Coyote Ugly Movie Review

To understand the horror of Coyote Ugly is to understand how it was made.

It's 1993. Some Hollywood bigshot reads an article in GQ magazine about a nutty bar called the Coyote Ugly in Manhattan. They only have women bartenders, see, and they, like, dance on the bar with fire and stuff! And they don't serve water. If someone orders water they hose down the crowd! Holy mackerel, what a nutty place!

And then someone says, What a nutty place... for a movie! Cart in a screenwriter who invents a story about, say, a puppy-eyed girl from New Jersey who winds up working at the Ugly while trying to make it as a songwriter. Make up some obstacles: she has stage fright, she gets robbed, and her dad is fat. Pop in a troubled love interest. Toss in a bunch of heaving-bosomed women to dance on the bar, get Jerry Bruckheimer to produce, spend $40 million on advertising, and the movie's done!

But oops, someone forgot to make the movie any good along the way. Cliché-infested and so utterly tired and worn out as to make itself appear a relic of the early 1980s, Coyote Ugly is just plain bad.
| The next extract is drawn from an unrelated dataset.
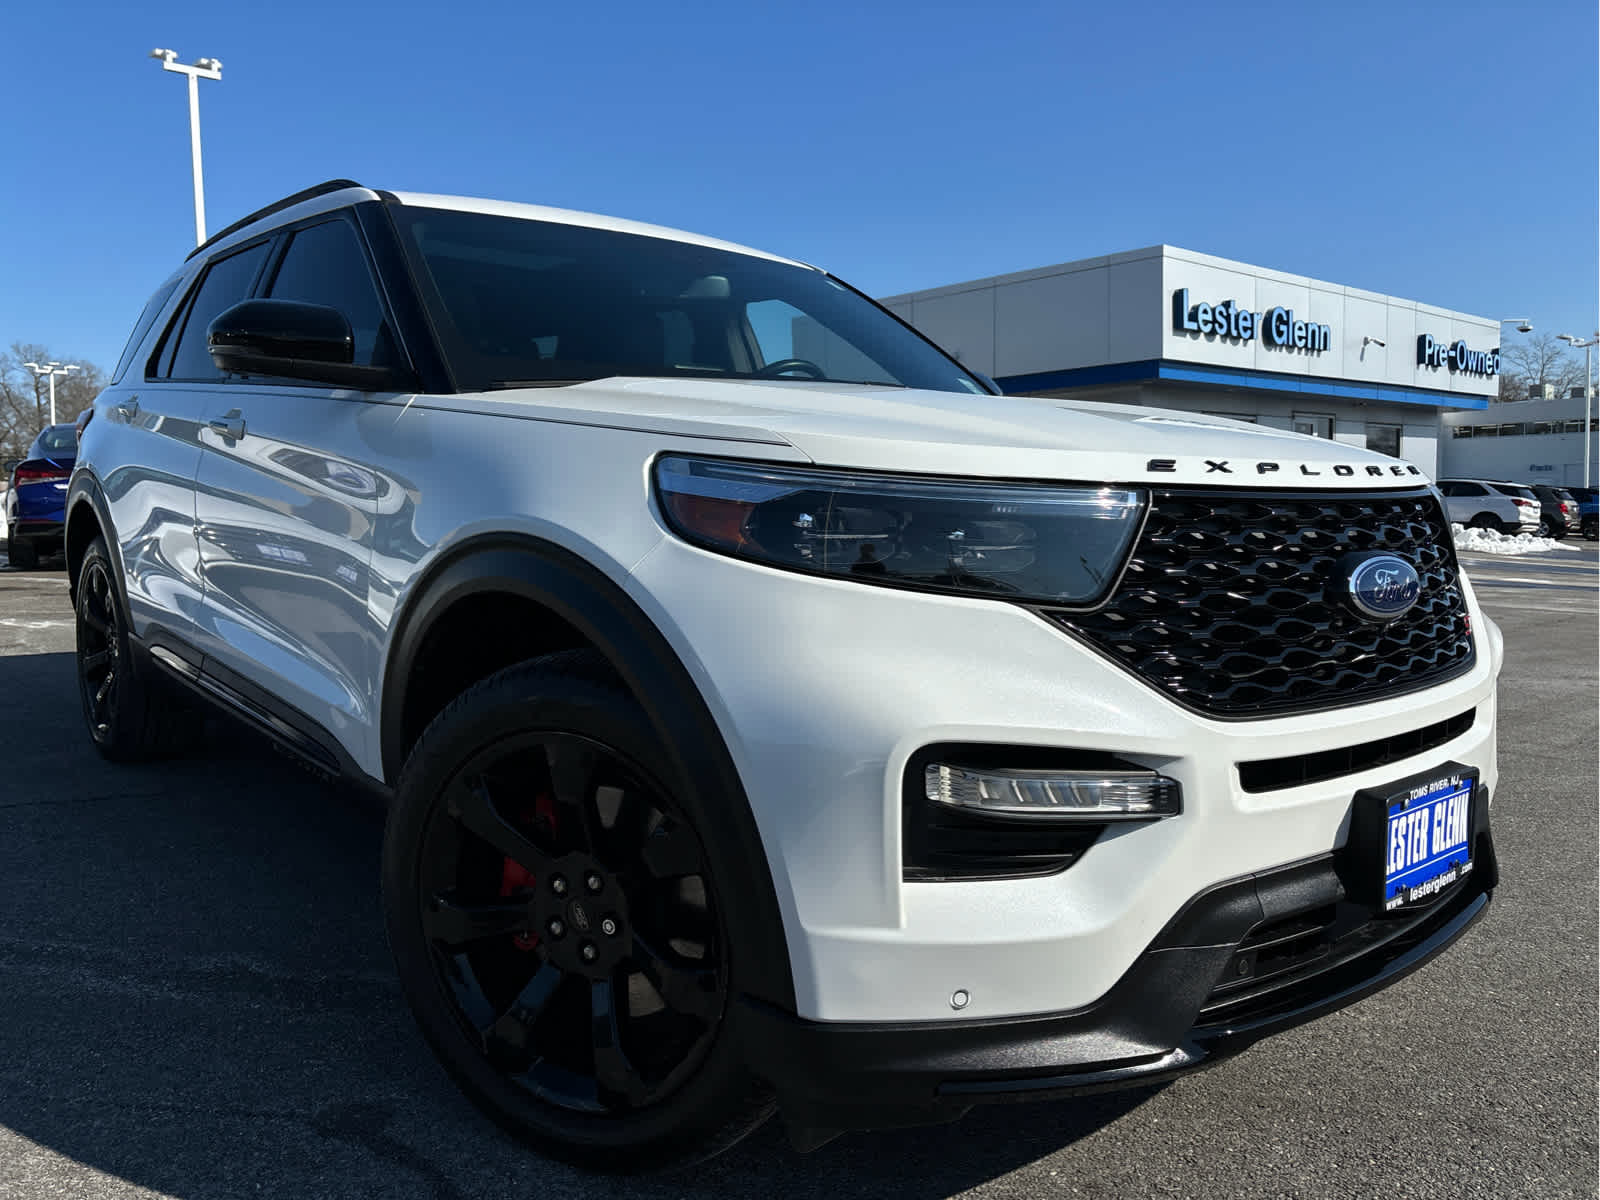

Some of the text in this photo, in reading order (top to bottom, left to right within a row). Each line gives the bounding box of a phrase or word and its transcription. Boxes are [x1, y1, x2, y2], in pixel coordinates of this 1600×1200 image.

It almost seems like they decided to take a real-life place and tried to build a movie around it. Er, uh, wait a minute...

Piper Perabo, one of the most frightening newcomers to hit Hollywood in the last decade, plays our young heroine, who faces obstacle after obstacle en route to what must ultimately become ridiculous success beyond her wildest dreams. Note to Piper: Let's see if we can't dye the eyebrows to match the hair, shall we? Perabo's role is so badly acted it would be cause for raspberries galore were it not for an even worse script.

Newcomers like Adam Garcia (the love interest) and wannabes like Maria Bello (the bar owner) do their best with lines like "I could tell you, but I'd have to kill you," but to no avail. Their hearts aren't in the movie, and for good reason: No nudity.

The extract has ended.